RECORD SET »
• • • •

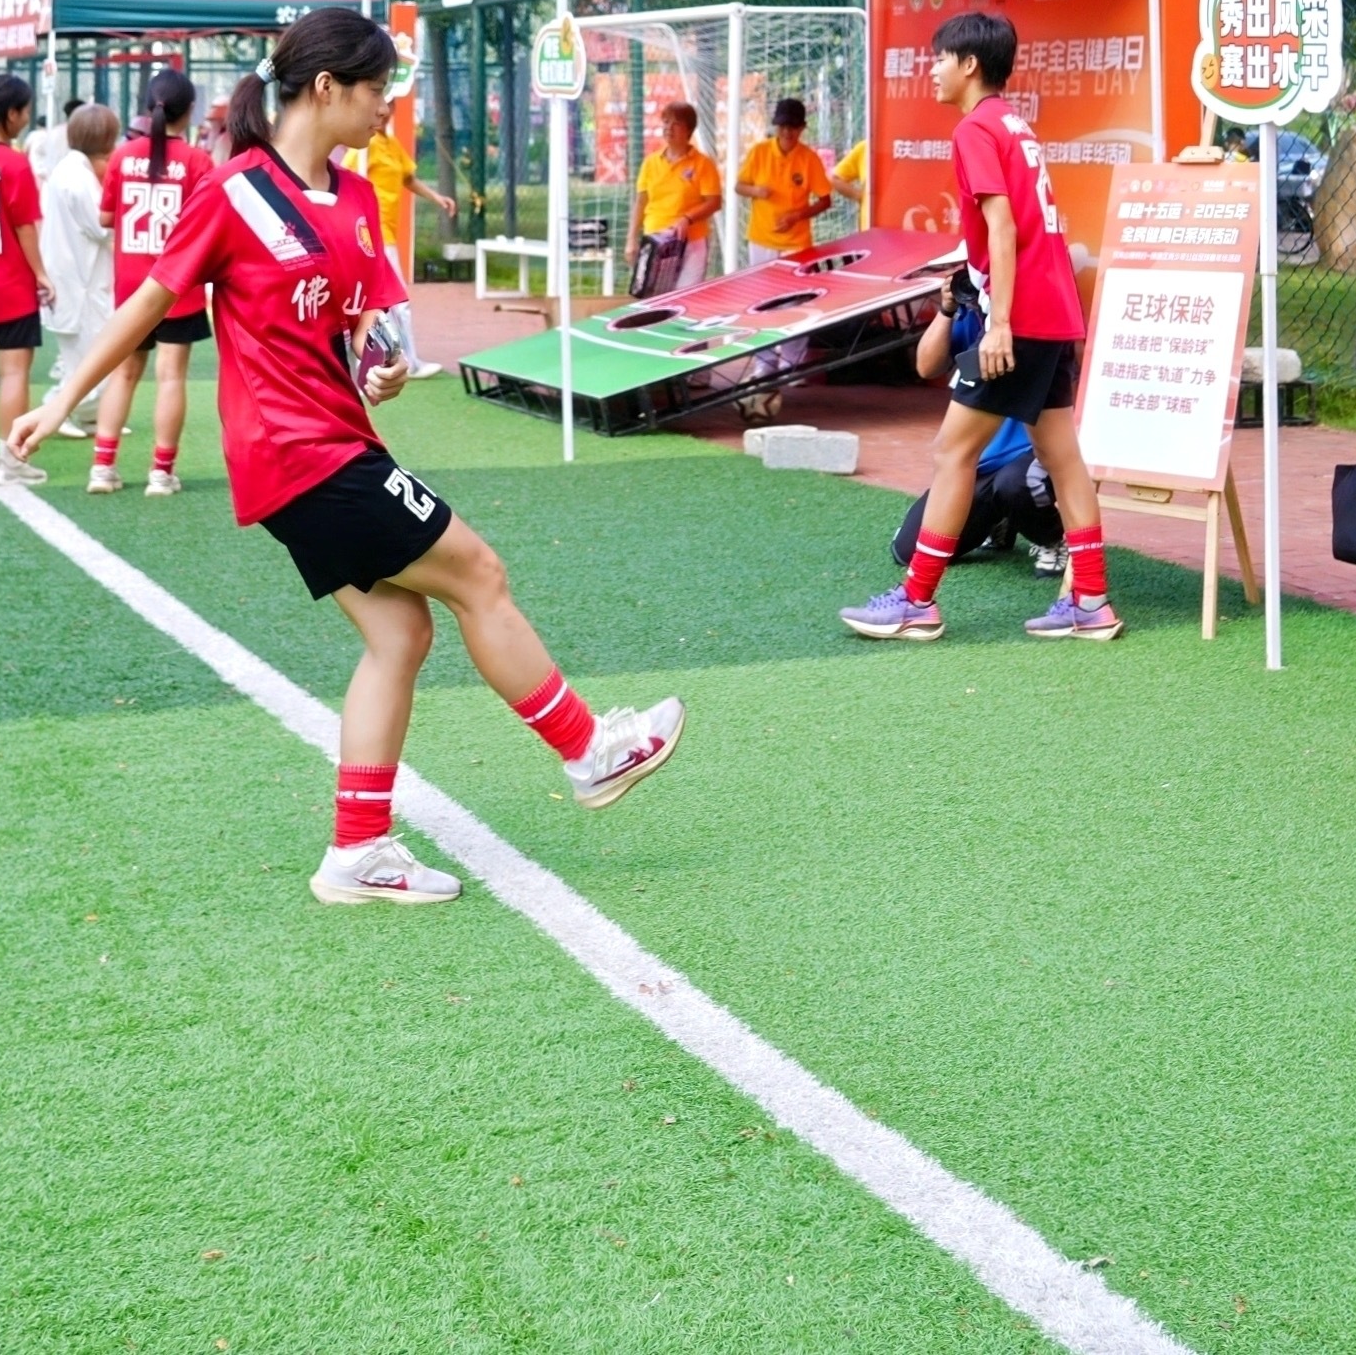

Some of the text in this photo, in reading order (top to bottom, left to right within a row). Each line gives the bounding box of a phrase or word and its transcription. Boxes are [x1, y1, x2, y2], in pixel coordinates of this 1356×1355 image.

[121, 155, 187, 181] 顺德协
[120, 180, 184, 255] 28
[290, 274, 368, 322] 佛山
[1121, 293, 1215, 325] 足球保龄
[383, 467, 438, 523] 2
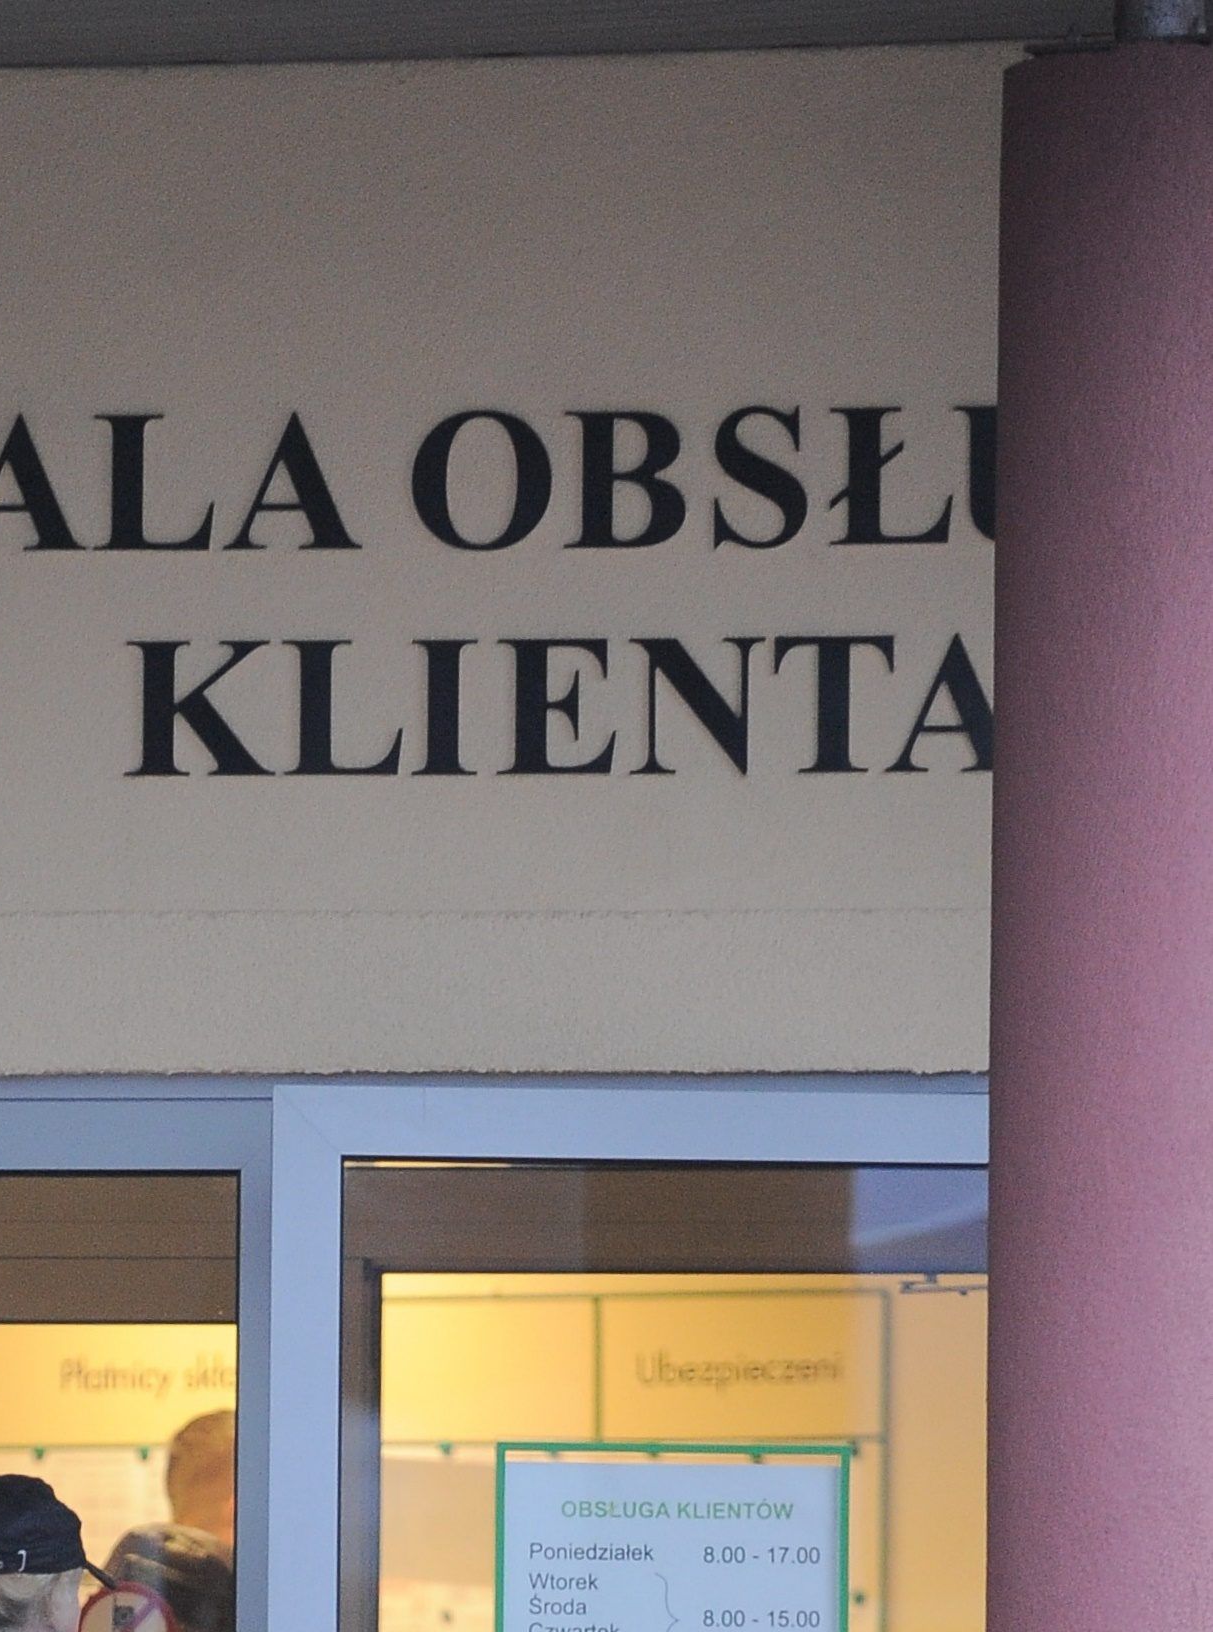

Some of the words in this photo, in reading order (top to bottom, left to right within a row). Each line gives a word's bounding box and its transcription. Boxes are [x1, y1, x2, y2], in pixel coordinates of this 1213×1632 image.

• • • •

WORK ITEM »
Write the data above out again exactly, minus its pictures.

SOLUTION TO THIS EXERCISE »
Some of the text in this photo, in reading order (top to bottom, left to right within a row). Each line gives the bounding box of a phrase or word and its transcription. Boxes are [x1, y1, x2, y2], in pixel coordinates of this 1356×1355 image.

[121, 155, 187, 181] 顺德协
[120, 180, 184, 255] 28
[290, 274, 368, 322] 佛山
[1121, 293, 1215, 325] 足球保龄
[383, 467, 438, 523] 2

Some of the words in this photo, in reading order (top to bottom, left to right within a row). Each line gives a word's bounding box and its transcription. Boxes are [x1, y1, x2, y2], in pixel coordinates of this 1213×1632 image.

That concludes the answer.